● Data listing
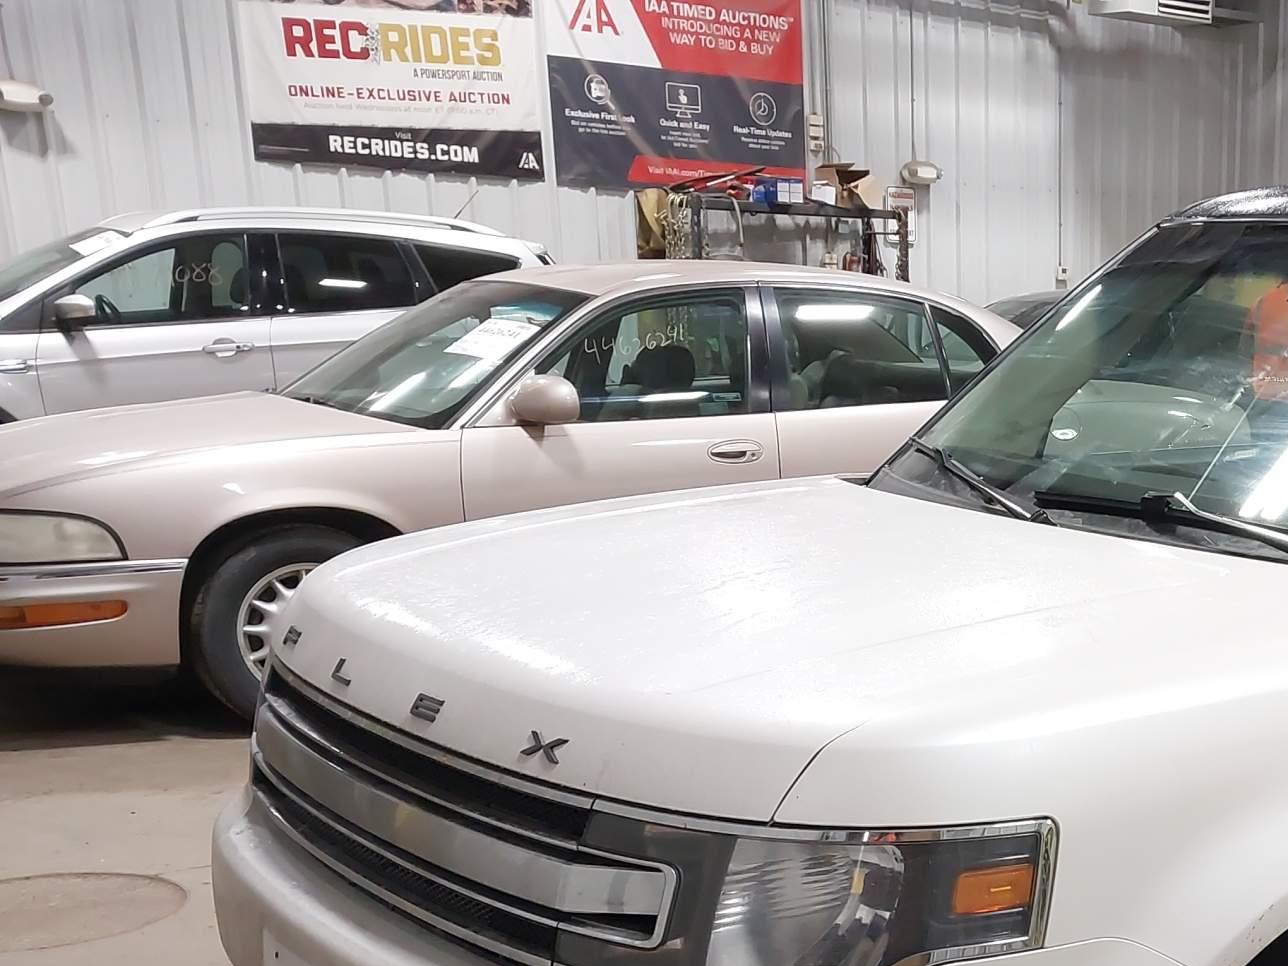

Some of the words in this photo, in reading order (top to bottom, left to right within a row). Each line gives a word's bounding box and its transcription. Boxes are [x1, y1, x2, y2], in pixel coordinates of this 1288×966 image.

==

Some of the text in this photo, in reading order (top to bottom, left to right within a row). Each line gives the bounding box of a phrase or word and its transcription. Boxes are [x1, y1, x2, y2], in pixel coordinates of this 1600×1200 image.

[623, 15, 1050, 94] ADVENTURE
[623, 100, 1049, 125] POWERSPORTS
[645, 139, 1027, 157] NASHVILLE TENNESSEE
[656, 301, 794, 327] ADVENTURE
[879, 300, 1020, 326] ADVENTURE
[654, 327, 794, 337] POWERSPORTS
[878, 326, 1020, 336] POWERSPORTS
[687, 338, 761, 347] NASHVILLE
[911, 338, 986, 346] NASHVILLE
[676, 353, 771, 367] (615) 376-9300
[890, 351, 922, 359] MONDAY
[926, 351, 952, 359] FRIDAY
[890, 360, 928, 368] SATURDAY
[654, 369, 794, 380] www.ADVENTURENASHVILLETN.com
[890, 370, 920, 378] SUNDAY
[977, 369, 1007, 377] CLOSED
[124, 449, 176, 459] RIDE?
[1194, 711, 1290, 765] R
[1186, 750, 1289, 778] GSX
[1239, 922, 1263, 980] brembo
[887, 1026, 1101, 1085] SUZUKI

* * *

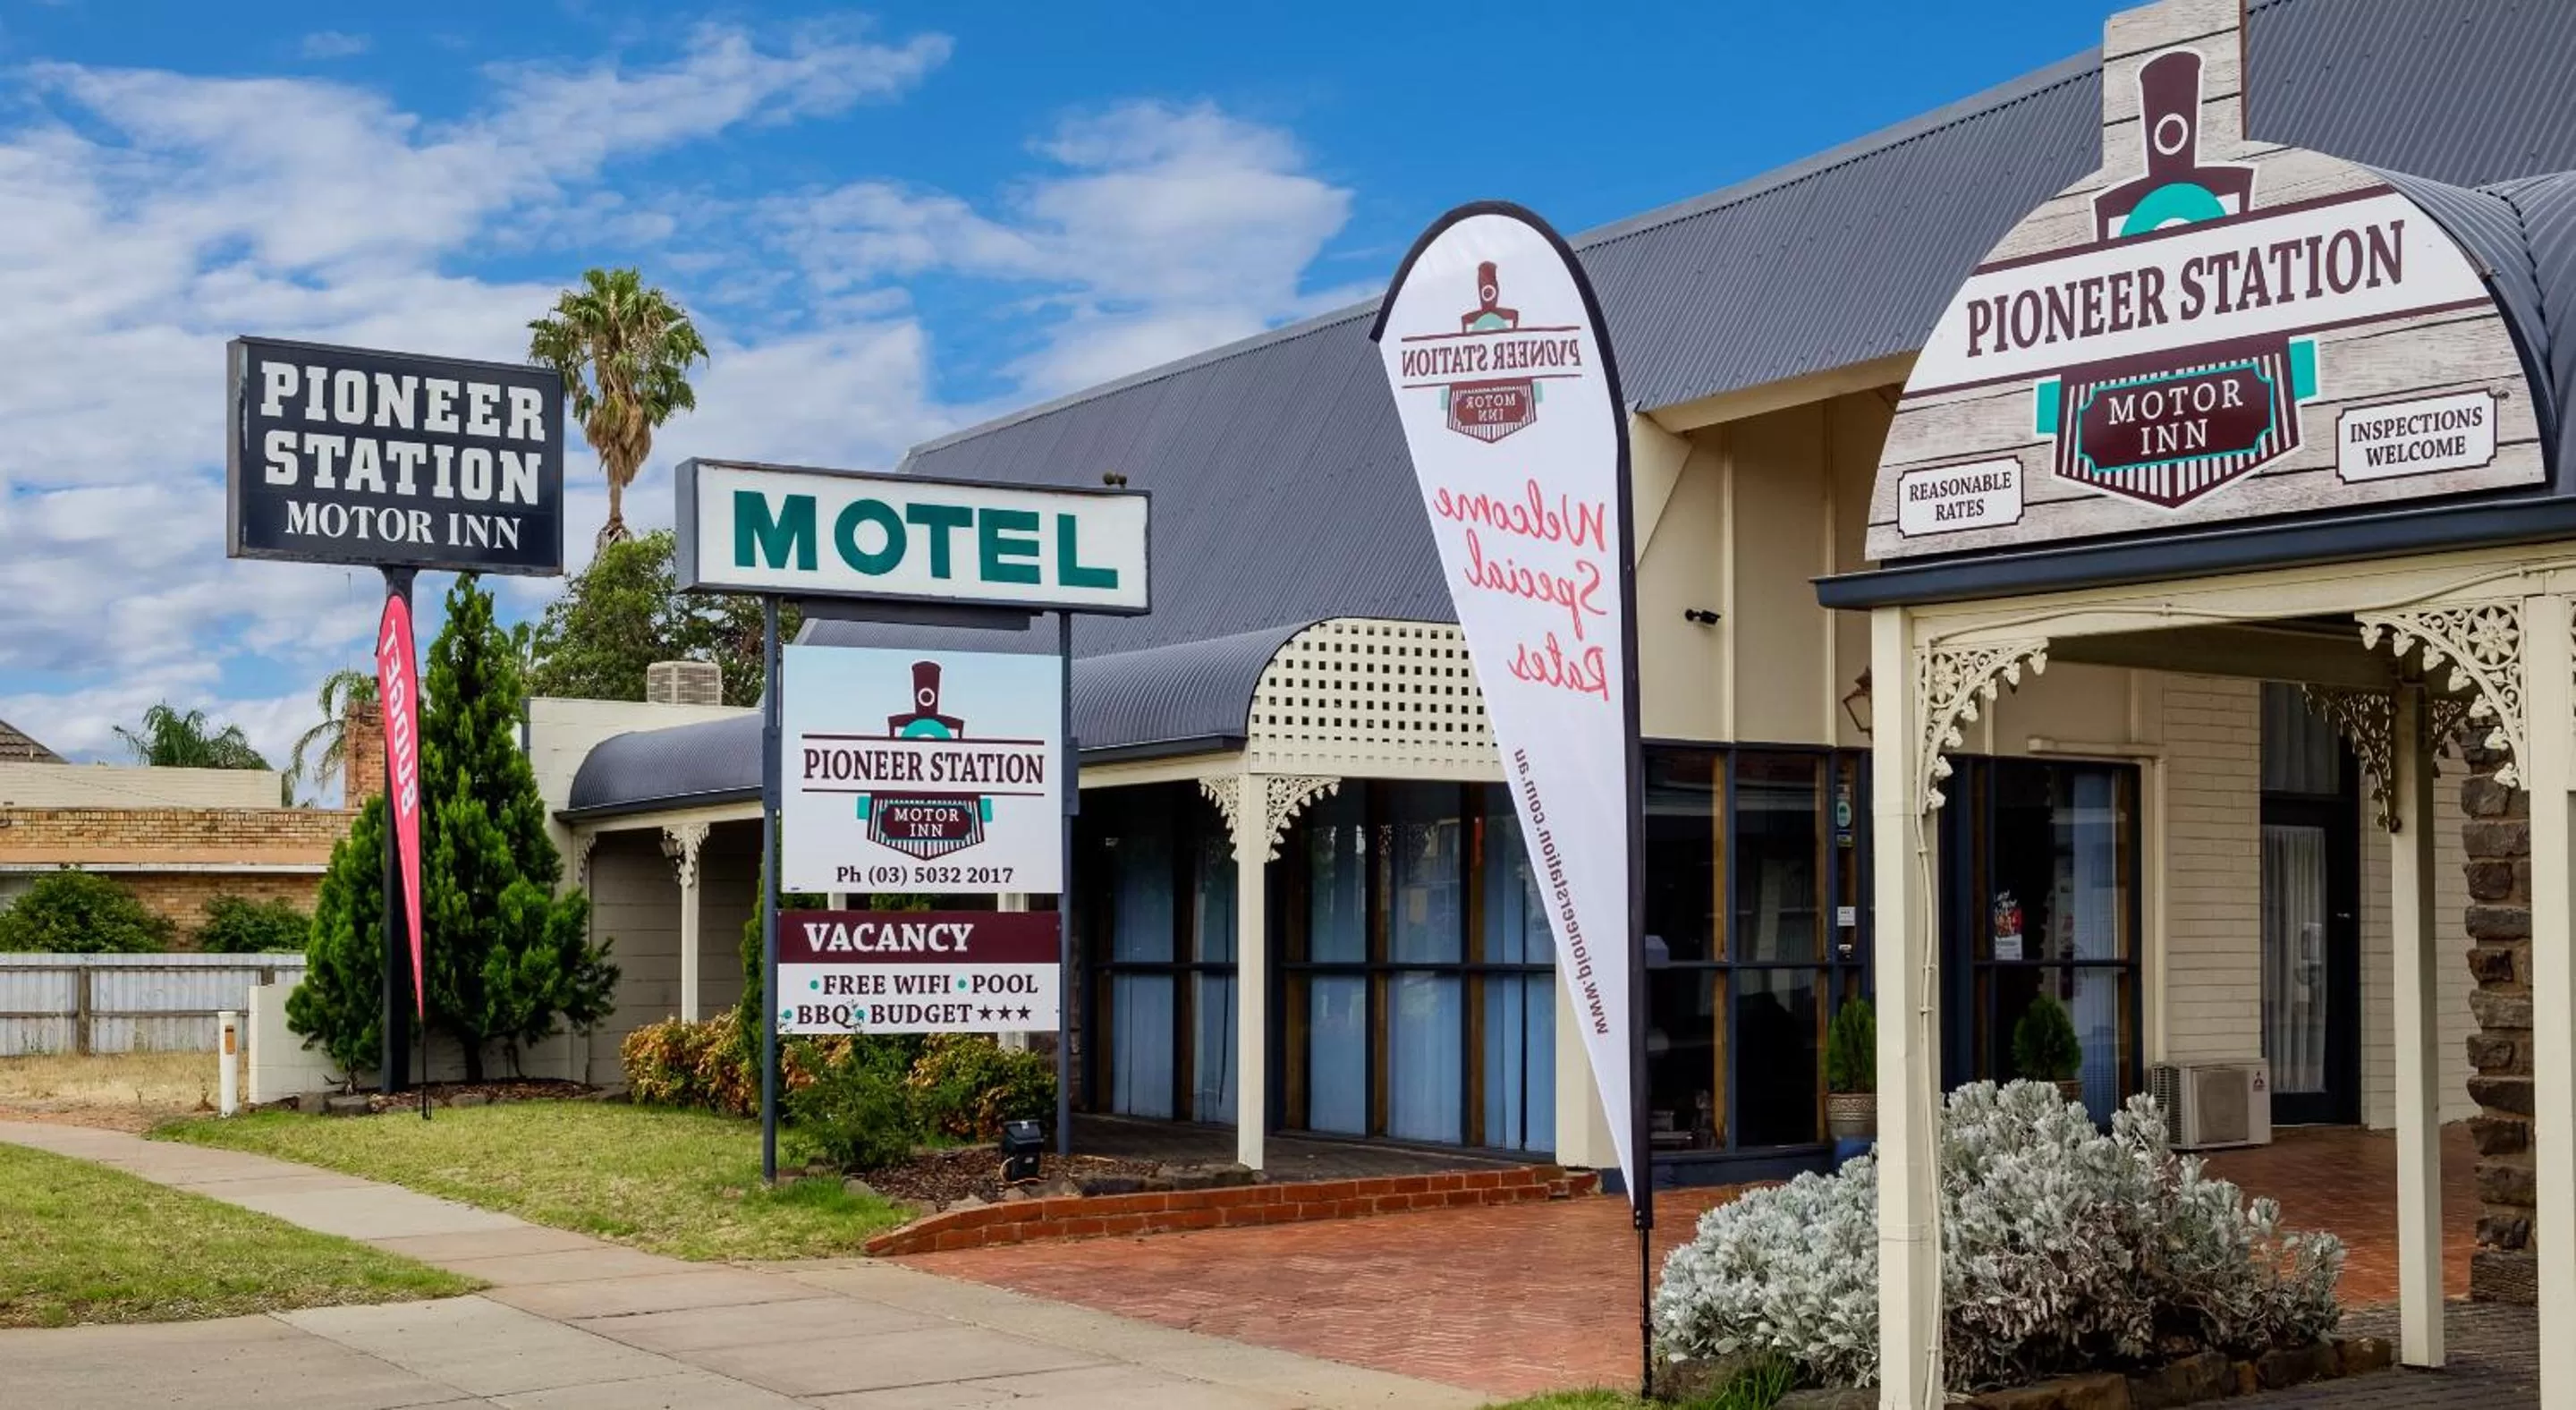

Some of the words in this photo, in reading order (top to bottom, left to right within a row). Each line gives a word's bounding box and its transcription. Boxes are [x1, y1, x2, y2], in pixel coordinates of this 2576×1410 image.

● Task to complete
Work out how many lines in the records above include the string "words", and provide that figure with no other text.

● Exercise response
2